* _Information given_
────────

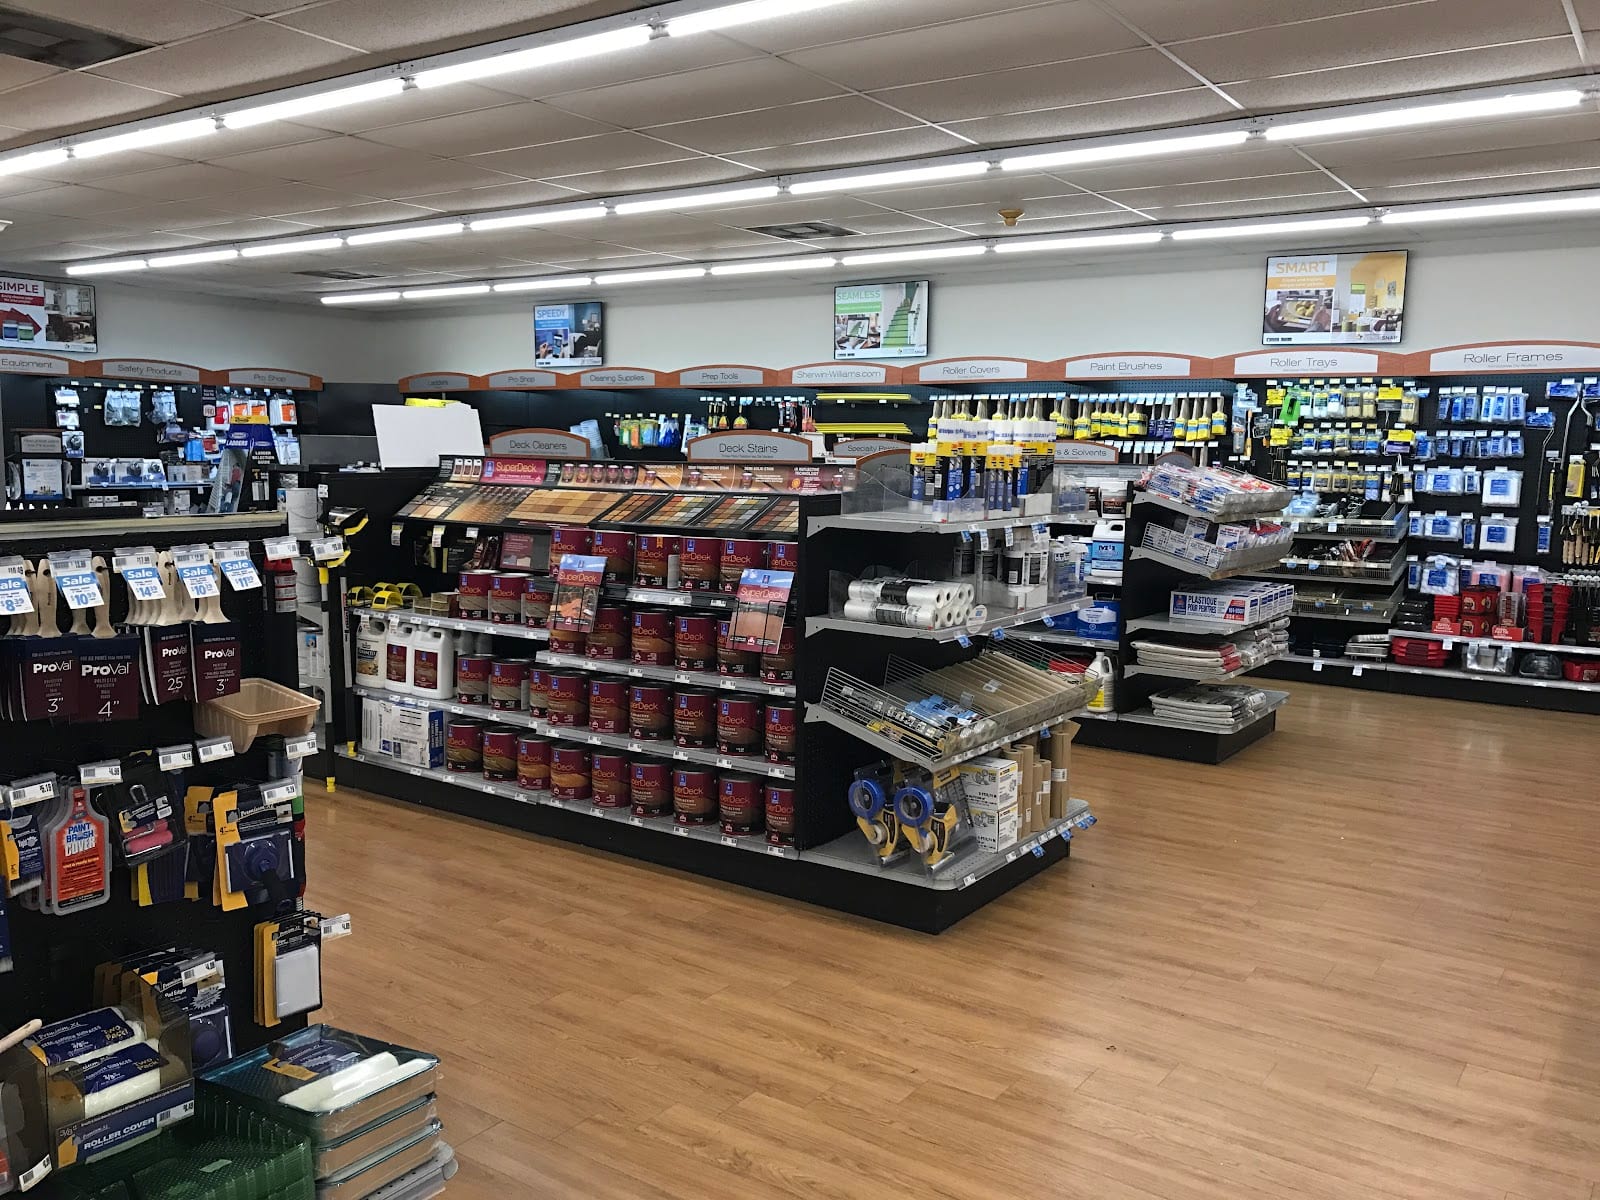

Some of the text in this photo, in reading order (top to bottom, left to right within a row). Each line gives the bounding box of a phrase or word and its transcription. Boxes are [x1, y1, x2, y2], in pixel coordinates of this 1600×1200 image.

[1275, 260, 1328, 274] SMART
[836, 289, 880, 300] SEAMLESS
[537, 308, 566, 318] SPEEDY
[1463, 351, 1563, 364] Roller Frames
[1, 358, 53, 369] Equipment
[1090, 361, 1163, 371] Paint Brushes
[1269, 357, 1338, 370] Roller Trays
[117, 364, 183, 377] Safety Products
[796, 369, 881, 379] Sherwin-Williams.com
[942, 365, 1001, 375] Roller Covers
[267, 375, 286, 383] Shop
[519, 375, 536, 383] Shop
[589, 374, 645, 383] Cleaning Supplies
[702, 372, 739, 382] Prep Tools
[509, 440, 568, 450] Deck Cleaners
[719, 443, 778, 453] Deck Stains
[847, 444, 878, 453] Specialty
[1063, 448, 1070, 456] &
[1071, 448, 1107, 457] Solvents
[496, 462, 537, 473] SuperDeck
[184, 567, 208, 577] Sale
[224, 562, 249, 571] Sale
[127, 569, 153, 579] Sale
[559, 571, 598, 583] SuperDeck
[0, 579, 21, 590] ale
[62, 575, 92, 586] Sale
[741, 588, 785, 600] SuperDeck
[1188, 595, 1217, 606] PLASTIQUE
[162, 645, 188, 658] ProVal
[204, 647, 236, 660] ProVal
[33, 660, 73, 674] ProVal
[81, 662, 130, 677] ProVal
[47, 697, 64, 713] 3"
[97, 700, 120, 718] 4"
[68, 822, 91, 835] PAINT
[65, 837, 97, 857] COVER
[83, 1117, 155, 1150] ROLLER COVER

────────

* _Task_
Skip the pictures, then return the rest of the data exactly.

* _Result_
Some of the text in this photo, in reading order (top to bottom, left to right within a row). Each line gives the bounding box of a phrase or word and its transcription. Boxes are [x1, y1, x2, y2], in pixel coordinates of this 1600×1200 image.

[1275, 260, 1328, 274] SMART
[836, 289, 880, 300] SEAMLESS
[537, 308, 566, 318] SPEEDY
[1463, 351, 1563, 364] Roller Frames
[1, 358, 53, 369] Equipment
[1090, 361, 1163, 371] Paint Brushes
[1269, 357, 1338, 370] Roller Trays
[117, 364, 183, 377] Safety Products
[796, 369, 881, 379] Sherwin-Williams.com
[942, 365, 1001, 375] Roller Covers
[267, 375, 286, 383] Shop
[519, 375, 536, 383] Shop
[589, 374, 645, 383] Cleaning Supplies
[702, 372, 739, 382] Prep Tools
[509, 440, 568, 450] Deck Cleaners
[719, 443, 778, 453] Deck Stains
[847, 444, 878, 453] Specialty
[1063, 448, 1070, 456] &
[1071, 448, 1107, 457] Solvents
[496, 462, 537, 473] SuperDeck
[184, 567, 208, 577] Sale
[224, 562, 249, 571] Sale
[127, 569, 153, 579] Sale
[559, 571, 598, 583] SuperDeck
[0, 579, 21, 590] ale
[62, 575, 92, 586] Sale
[741, 588, 785, 600] SuperDeck
[1188, 595, 1217, 606] PLASTIQUE
[162, 645, 188, 658] ProVal
[204, 647, 236, 660] ProVal
[33, 660, 73, 674] ProVal
[81, 662, 130, 677] ProVal
[47, 697, 64, 713] 3"
[97, 700, 120, 718] 4"
[68, 822, 91, 835] PAINT
[65, 837, 97, 857] COVER
[83, 1117, 155, 1150] ROLLER COVER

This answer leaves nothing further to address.